→ Task to complete: What you give back must match the records below exactly.

→ Source records:
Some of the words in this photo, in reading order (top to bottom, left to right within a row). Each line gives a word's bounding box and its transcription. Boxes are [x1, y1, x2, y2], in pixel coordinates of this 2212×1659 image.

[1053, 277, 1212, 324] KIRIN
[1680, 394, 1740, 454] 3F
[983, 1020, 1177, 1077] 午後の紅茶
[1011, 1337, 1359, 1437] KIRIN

→ Exercise result:
Some of the words in this photo, in reading order (top to bottom, left to right within a row). Each line gives a word's bounding box and its transcription. Boxes are [x1, y1, x2, y2], in pixel coordinates of this 2212×1659 image.

[1053, 277, 1212, 324] KIRIN
[1680, 394, 1740, 454] 3F
[983, 1020, 1177, 1077] 午後の紅茶
[1011, 1337, 1359, 1437] KIRIN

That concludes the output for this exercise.